Cybersecurity researchers have found a brand new malware marketing campaign that leverages bogus Google Websites pages and HTML smuggling to distribute a business malware referred to as AZORult with the intention to facilitate data theft.

“It makes use of an unorthodox HTML smuggling method the place the malicious payload is embedded in a separate JSON file hosted on an exterior web site,” Netskope Menace Labs researcher Jan Michael Alcantara mentioned in a report revealed final week.

The phishing marketing campaign has not been attributed to a selected menace actor or group. The cybersecurity firm described it as widespread in nature, carried out with an intent to gather delicate information for promoting them in underground boards.

AZORult, additionally referred to as PuffStealer and Ruzalto, is an data stealer first detected round 2016. It is sometimes distributed through phishing and malspam campaigns, trojanized installers for pirated software program or media, and malvertising.

As soon as put in, it is able to gathering credentials, cookies, and historical past from net browsers, screenshots, paperwork matching an inventory of particular extensions (.TXT, .DOC, .XLS, .DOCX, .XLSX, .AXX, and .KDBX), and information from 137 cryptocurrency wallets. AXX information are encrypted information created by AxCrypt, whereas KDBX refers to a password database created by the KeePass password supervisor.
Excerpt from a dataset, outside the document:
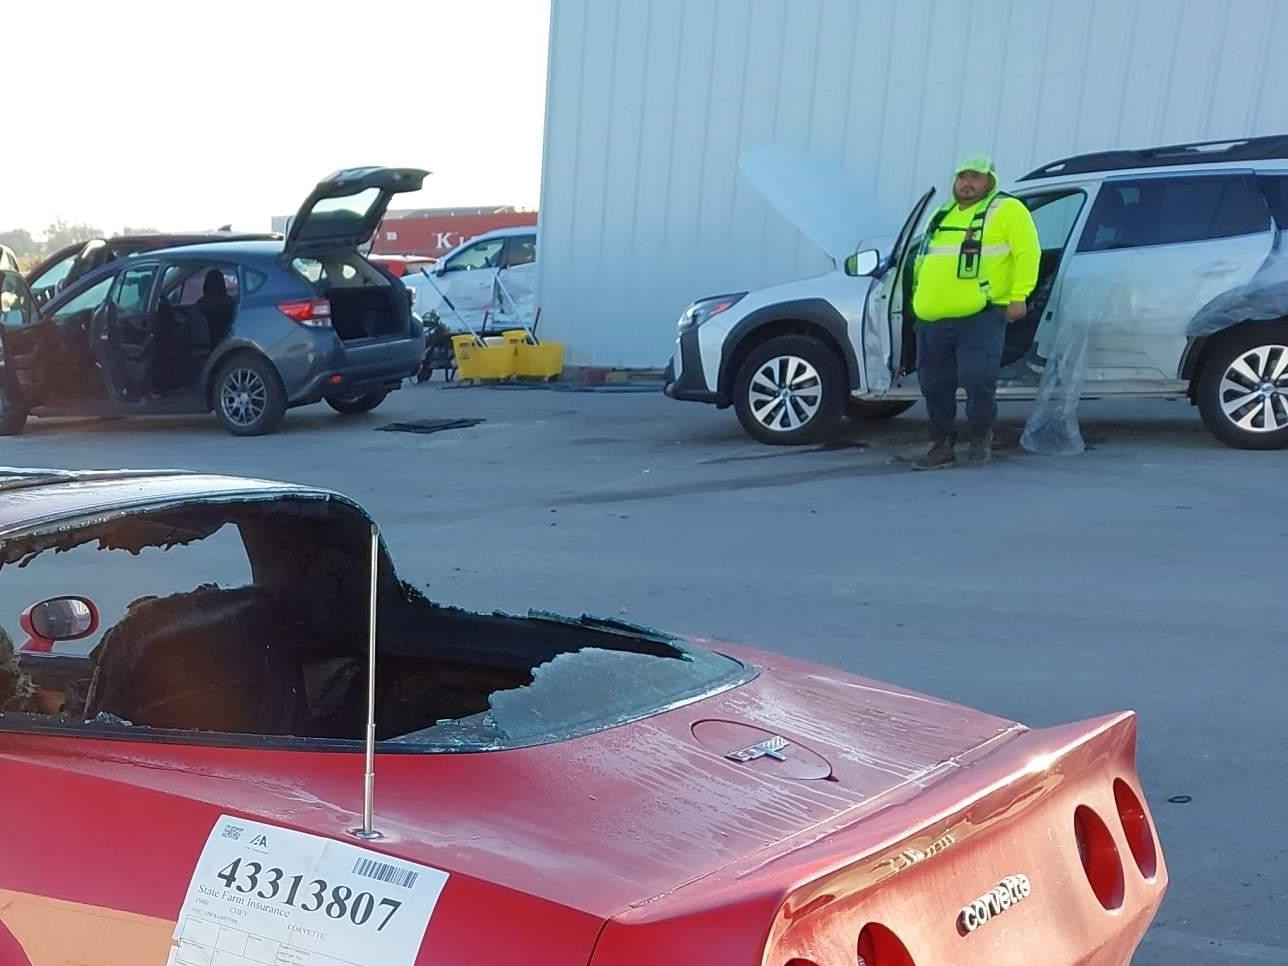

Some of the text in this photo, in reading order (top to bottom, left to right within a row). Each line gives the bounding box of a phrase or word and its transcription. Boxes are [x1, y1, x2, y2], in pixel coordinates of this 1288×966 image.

The newest assault exercise includes the menace actor creating counterfeit Google Docs pages on Google Websites that subsequently make the most of HTML smuggling to ship the payload.

HTML smuggling is the identify given to a stealthy method wherein official HTML5 and JavaScript options are abused to assemble and launch the malware by “smuggling” an encoded malicious script.

Thus, when a customer is tricked into opening the rogue web page from a phishing e mail, the browser decodes the script and extracts the payload on the host system, successfully bypassing typical safety controls similar to e mail gateways which can be recognized to solely examine for suspicious attachments.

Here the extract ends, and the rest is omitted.